First up, here’s the article about Tesco responding to the tweet about their mobile product.

  • Interacting with customers on social can be an opportunity to be funny but there’s also an opportunity to offend people — so be careful how you do it.
  • Sarcasm doesn’t work. People don’t like seeing that come from brands. Be self-effacing.
  • Don’t ever make fun of natural or human disasters.

“You could easily just ignore it but Tesco has jumped on it, they’ve seen it as an opportunity to be witty and capture some attention.” — James

 

  • Monitor how your brand name is being used on social and respond to it if necessary — whether that’s with humour or not.
  • Consumers like it when two brands interact on social with humour.

“You don’t want to offend people, you want to bring people along.” — Sarah

 

  • While marketing managers might want to “go viral”, it’s not always in the best interest of the brand. Ask yourself why you’re doing it before you try to “go viral”.
  • If you’re going to use humour it should be part of your strategy — know how you’re going to use it, have guidelines, stick to them.
  • Have some courage. It can pay off.

“There are certain brands out there that try a little too hard. It’s very obvious and you will pay for it.” — Nic

 

Here are the links you might need

  • Sarah mentioned Mention, the social media monitoring service. You can find it here.
  • Here’s an article about the Greggs and Google back-and-forth from a couple of years ago.
  • If you want to know more about Charmin’s #tweetfromtheseat, check out this article.
  • You can #dunkinthedark with Oreo’s here. And the movie theatre’s reply is here.
  • Take a look at Black Milk Clothing’s social media humour disaster here.

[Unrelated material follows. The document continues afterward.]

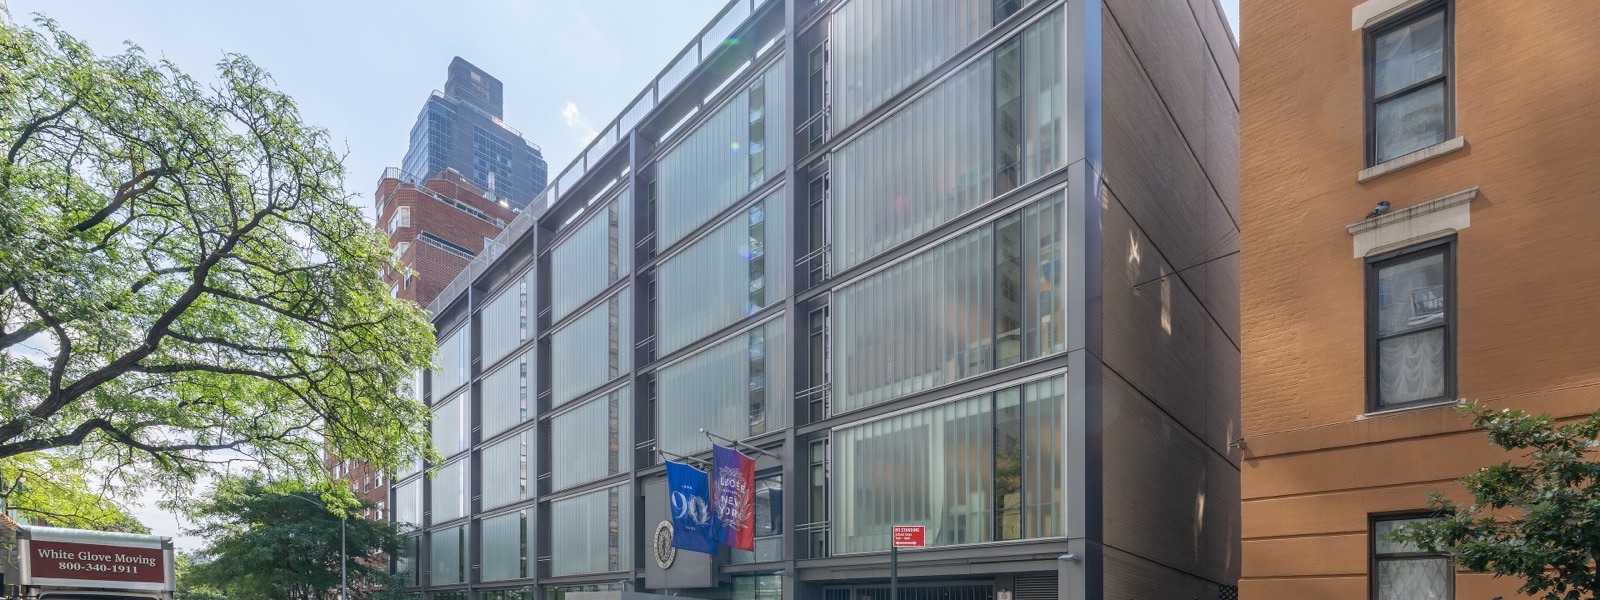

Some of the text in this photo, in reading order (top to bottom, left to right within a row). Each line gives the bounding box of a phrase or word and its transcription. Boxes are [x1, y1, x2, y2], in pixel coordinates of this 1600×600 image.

[671, 490, 709, 525] 90
[37, 548, 156, 567] White Glove Moving
[58, 562, 138, 574] 800-340-1911

And here’s Luton Airport’s.
  • Here’s James’s hilarious example of a pun-filled (and rather fishy) Twitter exchange.
  • But really, the most fun you will have today is watching the John West ad Nic mentioned (it has actually been voted “the best ad of all time” in some polls).

 

Have you heard the one about…

Here’s James, Sarah and Nic’s discussion with Jordana Borensztijn about using humour in your content…

 

And here’s a discussion from last week about dealing with PR disasters…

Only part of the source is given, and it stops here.